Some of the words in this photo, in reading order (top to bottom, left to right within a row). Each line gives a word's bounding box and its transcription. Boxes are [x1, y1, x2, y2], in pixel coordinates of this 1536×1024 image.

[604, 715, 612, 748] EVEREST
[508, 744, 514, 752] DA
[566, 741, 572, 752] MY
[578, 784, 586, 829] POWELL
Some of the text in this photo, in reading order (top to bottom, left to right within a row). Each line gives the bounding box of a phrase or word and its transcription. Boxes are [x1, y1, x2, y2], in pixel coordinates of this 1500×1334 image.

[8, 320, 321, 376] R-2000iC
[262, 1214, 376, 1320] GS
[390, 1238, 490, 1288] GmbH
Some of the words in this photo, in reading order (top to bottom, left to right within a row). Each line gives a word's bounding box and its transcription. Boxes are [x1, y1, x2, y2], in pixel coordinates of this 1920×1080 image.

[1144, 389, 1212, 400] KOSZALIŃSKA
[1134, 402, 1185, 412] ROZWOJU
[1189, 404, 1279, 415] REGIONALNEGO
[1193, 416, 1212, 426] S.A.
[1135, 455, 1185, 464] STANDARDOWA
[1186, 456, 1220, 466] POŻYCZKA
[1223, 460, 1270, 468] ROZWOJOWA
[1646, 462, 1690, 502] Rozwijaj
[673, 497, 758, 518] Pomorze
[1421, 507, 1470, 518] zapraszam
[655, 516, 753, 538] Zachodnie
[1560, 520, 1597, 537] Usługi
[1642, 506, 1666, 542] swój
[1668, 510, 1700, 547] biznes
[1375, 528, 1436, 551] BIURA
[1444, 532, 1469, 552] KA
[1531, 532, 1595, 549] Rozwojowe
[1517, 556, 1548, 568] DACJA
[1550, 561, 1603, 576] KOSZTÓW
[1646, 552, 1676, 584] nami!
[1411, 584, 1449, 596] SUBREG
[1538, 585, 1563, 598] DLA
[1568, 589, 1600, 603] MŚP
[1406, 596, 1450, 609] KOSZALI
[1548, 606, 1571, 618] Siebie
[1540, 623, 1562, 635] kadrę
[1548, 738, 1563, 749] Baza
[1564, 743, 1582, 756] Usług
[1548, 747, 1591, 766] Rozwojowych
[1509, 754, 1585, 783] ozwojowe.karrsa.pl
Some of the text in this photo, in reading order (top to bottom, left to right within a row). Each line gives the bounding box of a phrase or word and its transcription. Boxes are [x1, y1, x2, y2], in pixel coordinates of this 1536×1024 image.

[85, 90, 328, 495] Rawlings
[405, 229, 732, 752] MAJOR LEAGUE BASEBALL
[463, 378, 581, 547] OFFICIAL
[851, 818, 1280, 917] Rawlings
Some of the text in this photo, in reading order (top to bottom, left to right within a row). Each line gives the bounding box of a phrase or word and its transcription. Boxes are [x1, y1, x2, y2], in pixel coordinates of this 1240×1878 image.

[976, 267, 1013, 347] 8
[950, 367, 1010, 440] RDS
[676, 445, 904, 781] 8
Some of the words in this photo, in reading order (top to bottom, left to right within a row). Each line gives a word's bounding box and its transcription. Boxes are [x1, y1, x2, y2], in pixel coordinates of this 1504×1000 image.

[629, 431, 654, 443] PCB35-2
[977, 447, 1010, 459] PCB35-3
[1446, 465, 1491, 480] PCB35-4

━━━━━━━━━━━━━━━━━━━━

EXERCISE DESCRIPTION: Give every part of the material again, exactly as written.

FINAL ANSWER:
Some of the words in this photo, in reading order (top to bottom, left to right within a row). Each line gives a word's bounding box and its transcription. Boxes are [x1, y1, x2, y2], in pixel coordinates of this 1536×1024 image.

[604, 715, 612, 748] EVEREST
[508, 744, 514, 752] DA
[566, 741, 572, 752] MY
[578, 784, 586, 829] POWELL
Some of the text in this photo, in reading order (top to bottom, left to right within a row). Each line gives the bounding box of a phrase or word and its transcription. Boxes are [x1, y1, x2, y2], in pixel coordinates of this 1500×1334 image.

[8, 320, 321, 376] R-2000iC
[262, 1214, 376, 1320] GS
[390, 1238, 490, 1288] GmbH
Some of the words in this photo, in reading order (top to bottom, left to right within a row). Each line gives a word's bounding box and its transcription. Boxes are [x1, y1, x2, y2], in pixel coordinates of this 1920×1080 image.

[1144, 389, 1212, 400] KOSZALIŃSKA
[1134, 402, 1185, 412] ROZWOJU
[1189, 404, 1279, 415] REGIONALNEGO
[1193, 416, 1212, 426] S.A.
[1135, 455, 1185, 464] STANDARDOWA
[1186, 456, 1220, 466] POŻYCZKA
[1223, 460, 1270, 468] ROZWOJOWA
[1646, 462, 1690, 502] Rozwijaj
[673, 497, 758, 518] Pomorze
[1421, 507, 1470, 518] zapraszam
[655, 516, 753, 538] Zachodnie
[1560, 520, 1597, 537] Usługi
[1642, 506, 1666, 542] swój
[1668, 510, 1700, 547] biznes
[1375, 528, 1436, 551] BIURA
[1444, 532, 1469, 552] KA
[1531, 532, 1595, 549] Rozwojowe
[1517, 556, 1548, 568] DACJA
[1550, 561, 1603, 576] KOSZTÓW
[1646, 552, 1676, 584] nami!
[1411, 584, 1449, 596] SUBREG
[1538, 585, 1563, 598] DLA
[1568, 589, 1600, 603] MŚP
[1406, 596, 1450, 609] KOSZALI
[1548, 606, 1571, 618] Siebie
[1540, 623, 1562, 635] kadrę
[1548, 738, 1563, 749] Baza
[1564, 743, 1582, 756] Usług
[1548, 747, 1591, 766] Rozwojowych
[1509, 754, 1585, 783] ozwojowe.karrsa.pl
Some of the text in this photo, in reading order (top to bottom, left to right within a row). Each line gives the bounding box of a phrase or word and its transcription. Boxes are [x1, y1, x2, y2], in pixel coordinates of this 1536×1024 image.

[85, 90, 328, 495] Rawlings
[405, 229, 732, 752] MAJOR LEAGUE BASEBALL
[463, 378, 581, 547] OFFICIAL
[851, 818, 1280, 917] Rawlings
Some of the text in this photo, in reading order (top to bottom, left to right within a row). Each line gives the bounding box of a phrase or word and its transcription. Boxes are [x1, y1, x2, y2], in pixel coordinates of this 1240×1878 image.

[976, 267, 1013, 347] 8
[950, 367, 1010, 440] RDS
[676, 445, 904, 781] 8
Some of the words in this photo, in reading order (top to bottom, left to right within a row). Each line gives a word's bounding box and its transcription. Boxes are [x1, y1, x2, y2], in pixel coordinates of this 1504×1000 image.

[629, 431, 654, 443] PCB35-2
[977, 447, 1010, 459] PCB35-3
[1446, 465, 1491, 480] PCB35-4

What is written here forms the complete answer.